Até onde vai a cabeça das pessoas?, se perguntou. As pessoas normalmente não pensam nessas coisas. As pessoas normalmente não pensam nas outras pessoas. É sempre como a Verônica age e reage, não como a Rebeca se sente. Nunca sobre o que a Rebeca vê.

Fazia tanto, que nem tivera tempo o suficiente para sentir que estava mal. Se sentia miserável. Agora, pensando em retrospecto, se tivesse aguentado só mais alguns minutinhos em cena, teria sido o bastante. Eles provavelmente haviam de substituí-la na gravação final de um jeito que não desse para perceber se era ela ou não. Agora não importava, não era um rosto importante o suficiente para ser exigida, desejada. Era uma atriz qualquer. Alguns rostos são mais importantes do que os outros e ela achava tão engraçado como as pessoas se importavam com certas coisas e outras não... Queria ao menos ter se despedido de Verônica, mesmo com todas as suas falhas e excessos, gostava dela. Às vezes era difícil de se despir de um personagem desses que grupo. Estava com Verônica há uns dois meses e às vezes parecia que sempre fora Verônica, que nunca fora Rebeca. Cansaço...

Não tardou para que a enfermeira entrasse no quarto e checasse sua temperatura. Aquela não parecia ser a primeira, nem a segunda vez. Quanto tempo será que havia dormido? Um dia? Uma semana? Teria a sorte de ter dormido um mês?
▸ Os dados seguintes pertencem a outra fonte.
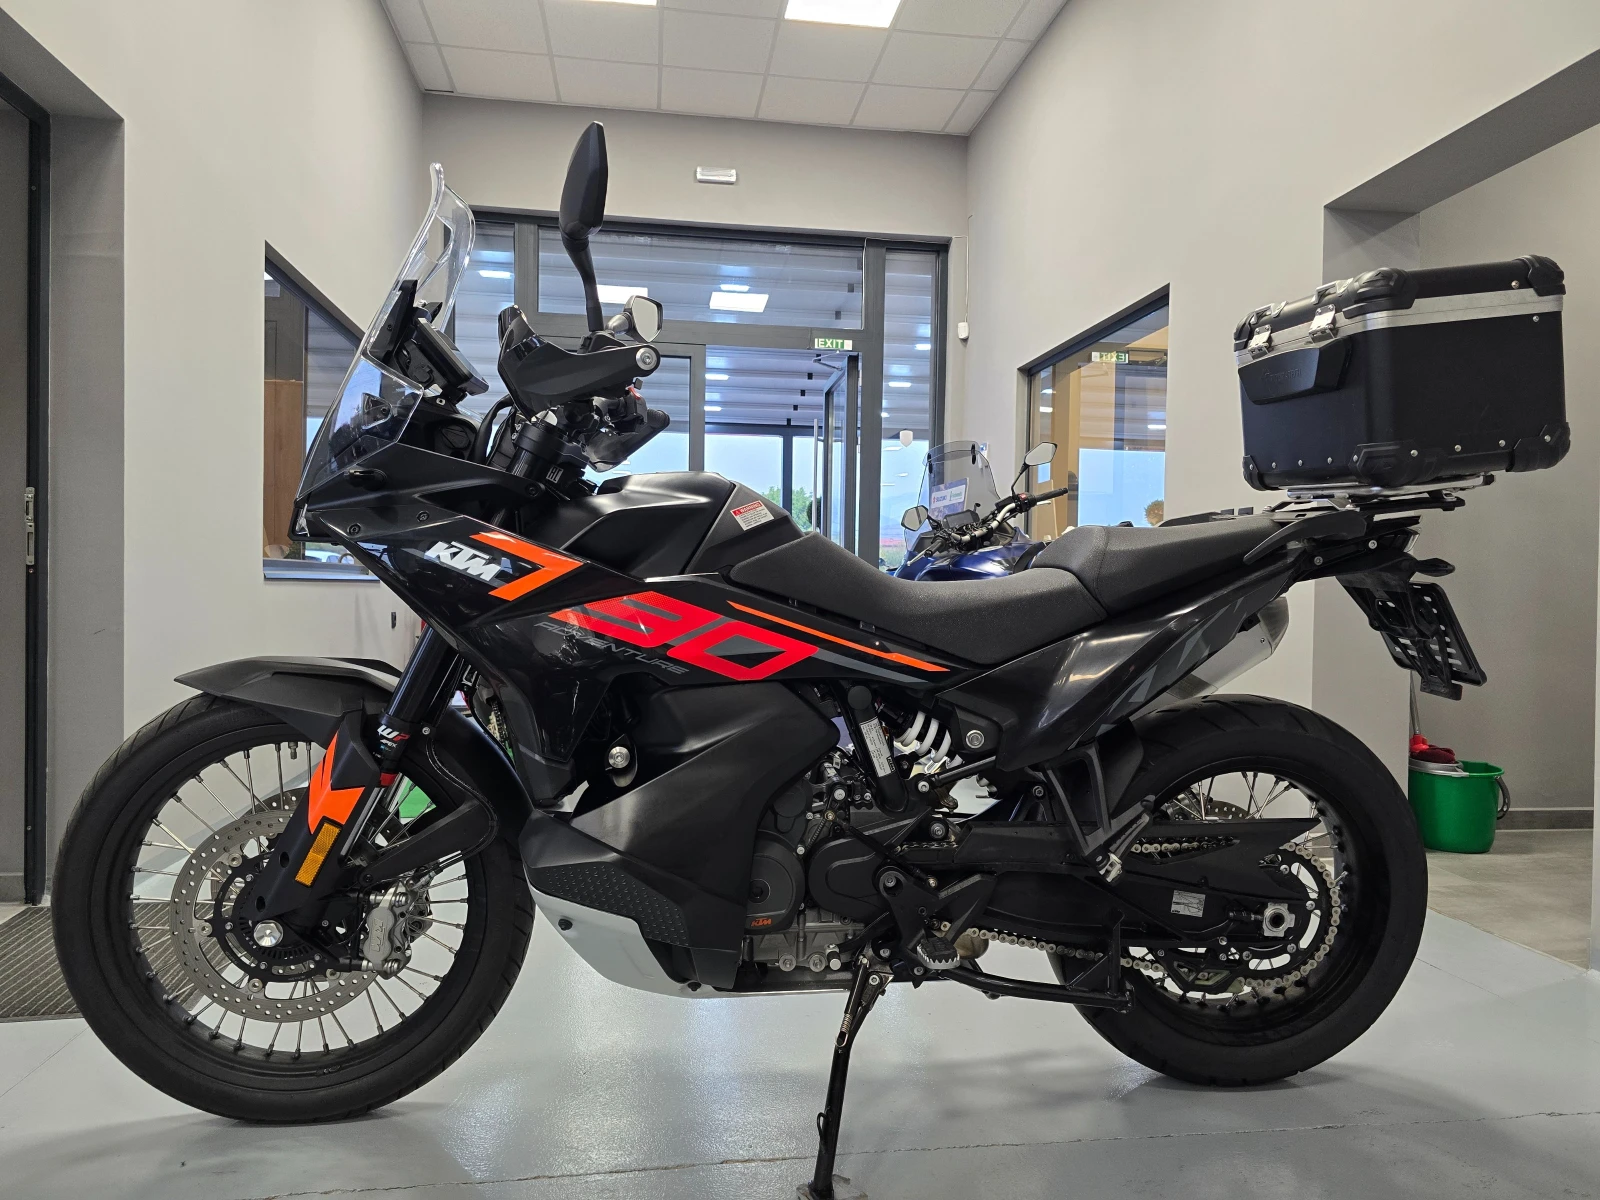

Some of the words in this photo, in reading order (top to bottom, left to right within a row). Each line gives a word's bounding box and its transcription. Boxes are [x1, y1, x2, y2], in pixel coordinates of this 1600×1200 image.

Queria na verdade ter dormido por um ano inteiro para finalmente ver o cinema com palavras em todo o seu esplendor e encanto.
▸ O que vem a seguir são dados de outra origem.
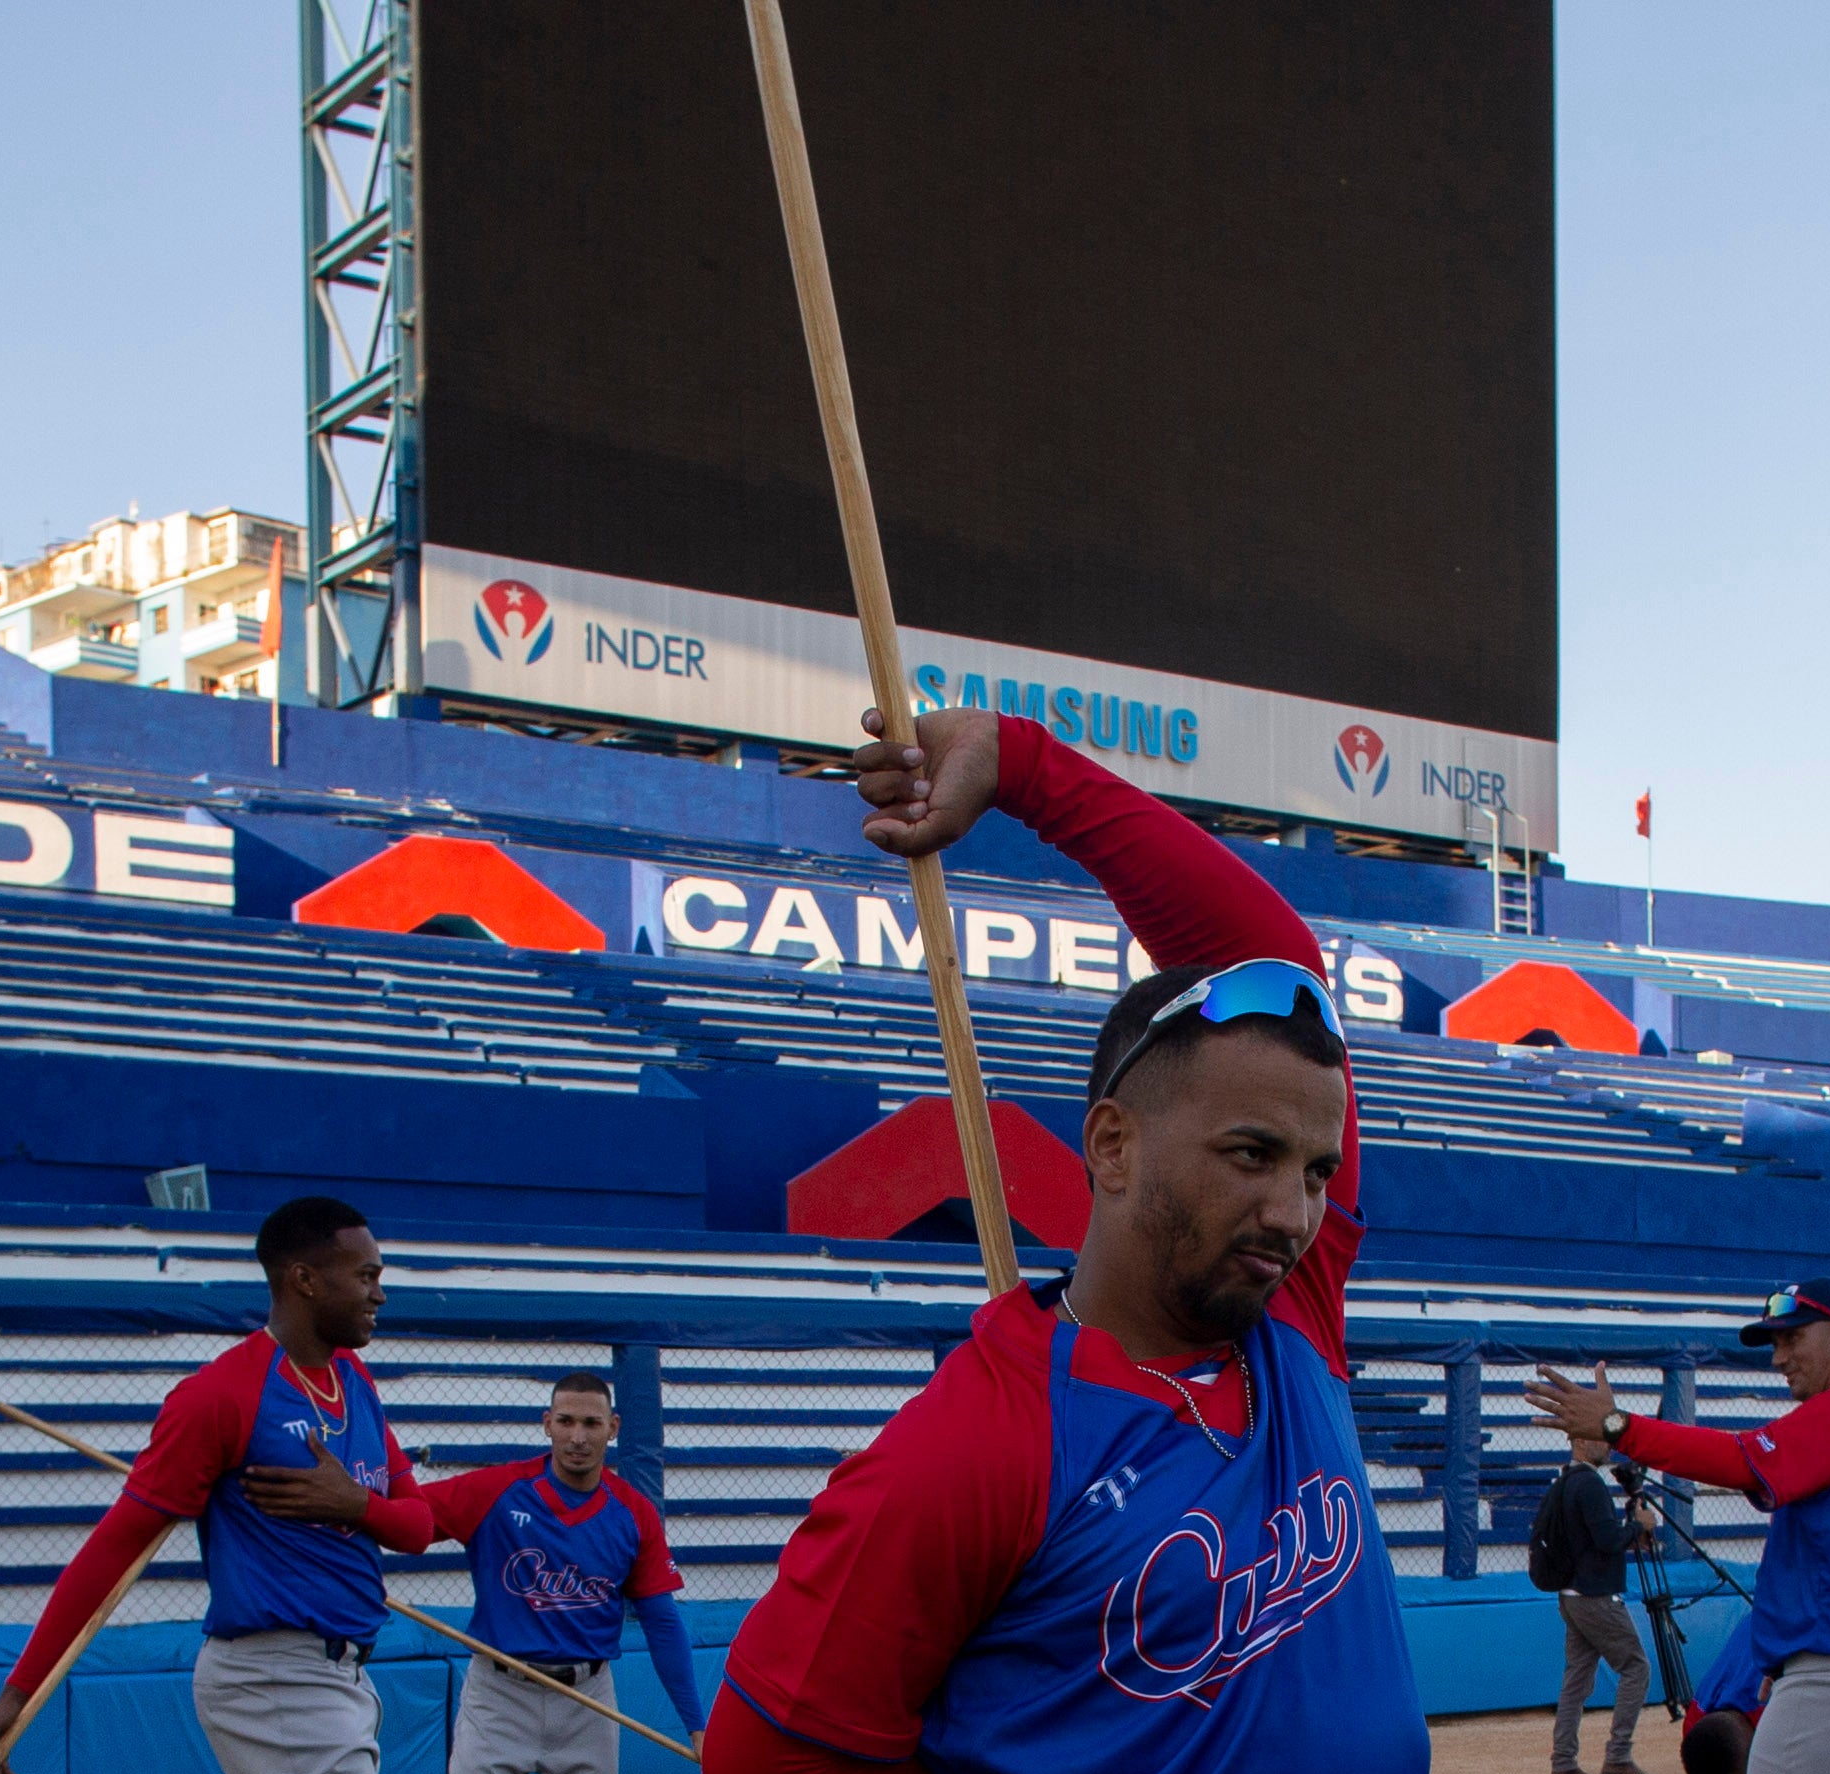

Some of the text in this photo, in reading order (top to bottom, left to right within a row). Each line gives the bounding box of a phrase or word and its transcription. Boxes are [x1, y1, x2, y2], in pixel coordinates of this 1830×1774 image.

[585, 621, 708, 681] INDER
[1421, 761, 1508, 809] INDER
[662, 876, 1405, 1023] CAMPES
Observando melhor, a enfermeira bem que parecia estar usando um uniforme diferente daquele que Rebeca lembrava. Alguns detalhes na manga estavam ligeiramente mudados... Mais moderno... Mas ele não parecia particularmente novo. Talvez ela tivesse mesmo dormido por um tempo. Talvez fosse 1927 afinal.

Rebeca viu o estetoscópio da enfermeira se aproximando, ou aquilo que parecia ser um estetoscópio. Talvez fosse um instrumento medicinal futurista, muito mais avançado do que ele poderia prever. E se dormira tanto que perdera mais de uma década? Será que um estetoscópio de 1836 seria esteticamente parecido com um de 1926, mas, funcionalmente revolucionário? O quanto as coisas mudavam em uma década? Seria capaz de ter dormido por dez anos? Mas então a enfermeira posicionou o estetoscópio da maneira habitual e seguiu com os procedimentos que Rebeca julgava ser os padrões quando alguém acordava depois de dormir por não muito tempo. Será que os procedimentos seriam os mesmos em 1927. Gostava mais de 1927. Queria fugir para lá.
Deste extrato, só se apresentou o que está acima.